── LISTED ENTRIES ──

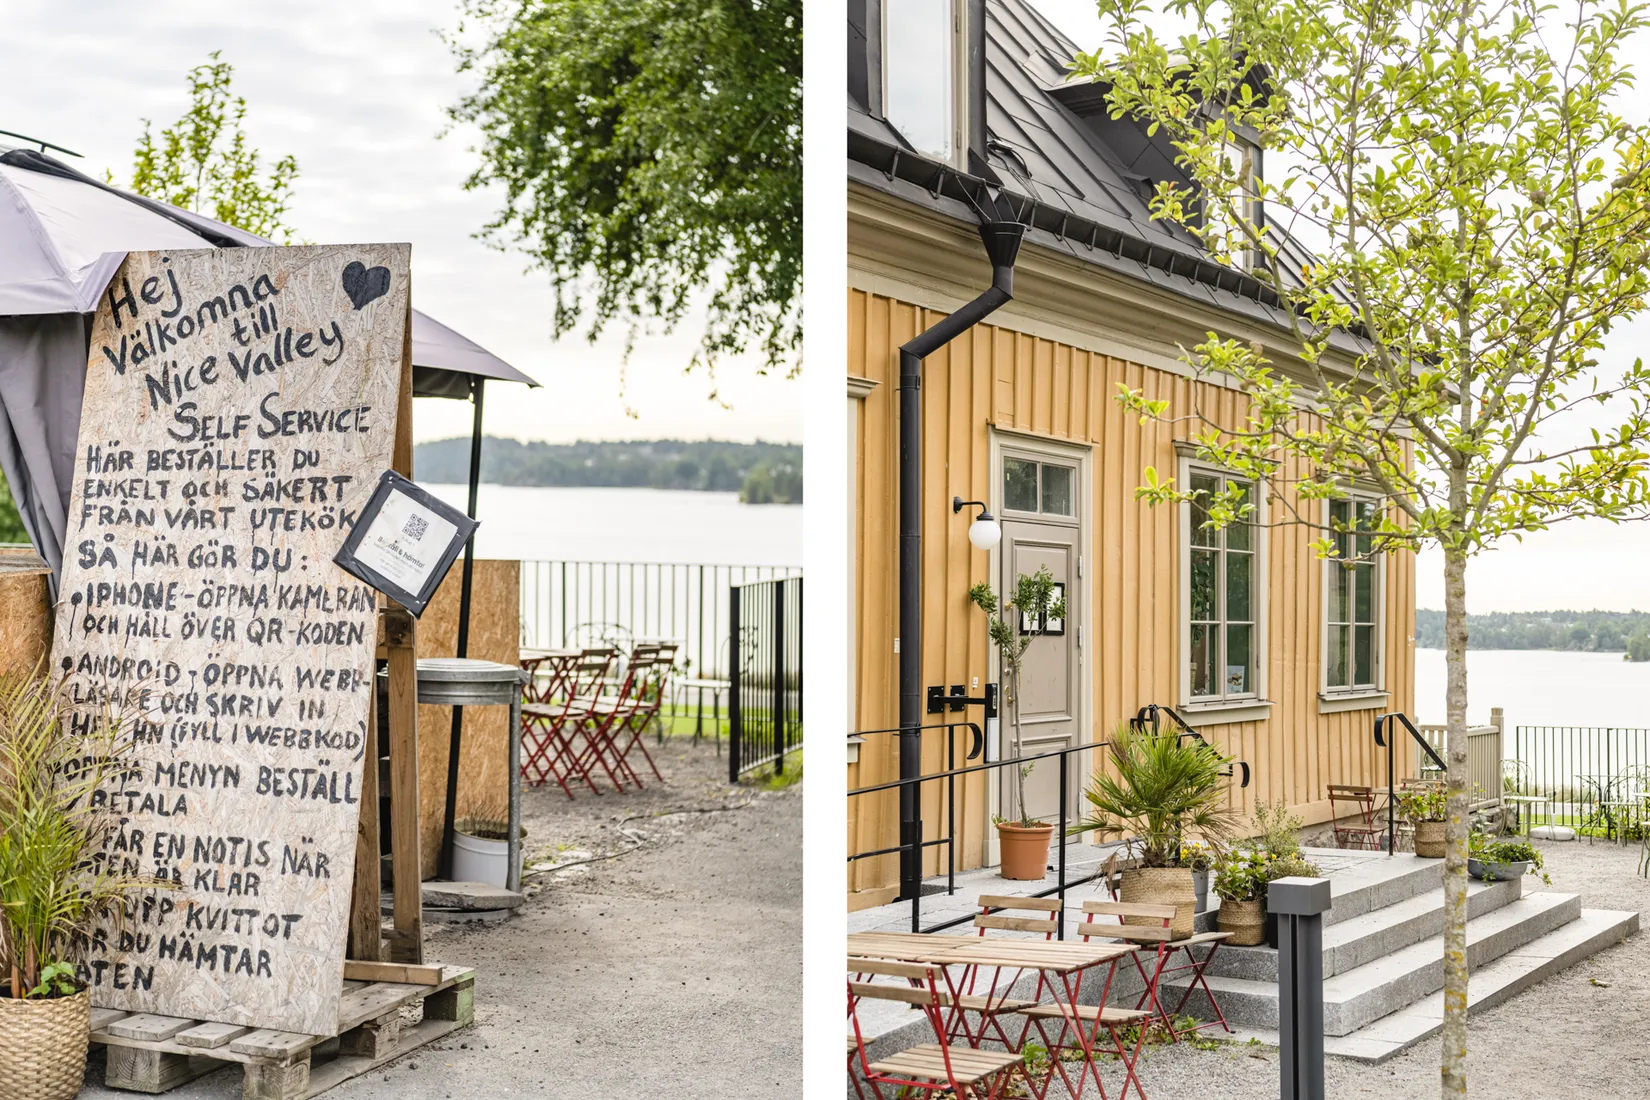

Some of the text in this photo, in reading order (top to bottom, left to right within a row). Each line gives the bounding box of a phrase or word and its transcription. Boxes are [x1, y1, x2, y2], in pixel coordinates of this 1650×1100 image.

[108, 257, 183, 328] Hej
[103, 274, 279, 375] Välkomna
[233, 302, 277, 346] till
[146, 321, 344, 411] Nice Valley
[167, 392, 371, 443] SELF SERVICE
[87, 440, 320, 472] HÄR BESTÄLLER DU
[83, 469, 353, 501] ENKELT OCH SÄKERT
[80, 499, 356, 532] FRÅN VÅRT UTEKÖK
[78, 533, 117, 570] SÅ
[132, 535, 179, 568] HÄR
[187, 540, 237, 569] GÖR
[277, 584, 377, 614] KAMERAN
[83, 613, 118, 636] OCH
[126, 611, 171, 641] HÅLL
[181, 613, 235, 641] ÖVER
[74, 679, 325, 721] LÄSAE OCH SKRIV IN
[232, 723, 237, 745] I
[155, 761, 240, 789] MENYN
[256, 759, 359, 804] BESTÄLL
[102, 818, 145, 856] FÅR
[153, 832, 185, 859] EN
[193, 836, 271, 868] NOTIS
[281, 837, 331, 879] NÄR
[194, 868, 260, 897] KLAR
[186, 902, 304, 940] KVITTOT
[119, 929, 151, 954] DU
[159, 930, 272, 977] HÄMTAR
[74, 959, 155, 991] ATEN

───

**ACTIVITY**
Set down all of the material word for word, minus its pictures.

**WORKED SOLUTION**
Some of the text in this photo, in reading order (top to bottom, left to right within a row). Each line gives the bounding box of a phrase or word and its transcription. Boxes are [x1, y1, x2, y2], in pixel coordinates of this 1650×1100 image.

[108, 257, 183, 328] Hej
[103, 274, 279, 375] Välkomna
[233, 302, 277, 346] till
[146, 321, 344, 411] Nice Valley
[167, 392, 371, 443] SELF SERVICE
[87, 440, 320, 472] HÄR BESTÄLLER DU
[83, 469, 353, 501] ENKELT OCH SÄKERT
[80, 499, 356, 532] FRÅN VÅRT UTEKÖK
[78, 533, 117, 570] SÅ
[132, 535, 179, 568] HÄR
[187, 540, 237, 569] GÖR
[277, 584, 377, 614] KAMERAN
[83, 613, 118, 636] OCH
[126, 611, 171, 641] HÅLL
[181, 613, 235, 641] ÖVER
[74, 679, 325, 721] LÄSAE OCH SKRIV IN
[232, 723, 237, 745] I
[155, 761, 240, 789] MENYN
[256, 759, 359, 804] BESTÄLL
[102, 818, 145, 856] FÅR
[153, 832, 185, 859] EN
[193, 836, 271, 868] NOTIS
[281, 837, 331, 879] NÄR
[194, 868, 260, 897] KLAR
[186, 902, 304, 940] KVITTOT
[119, 929, 151, 954] DU
[159, 930, 272, 977] HÄMTAR
[74, 959, 155, 991] ATEN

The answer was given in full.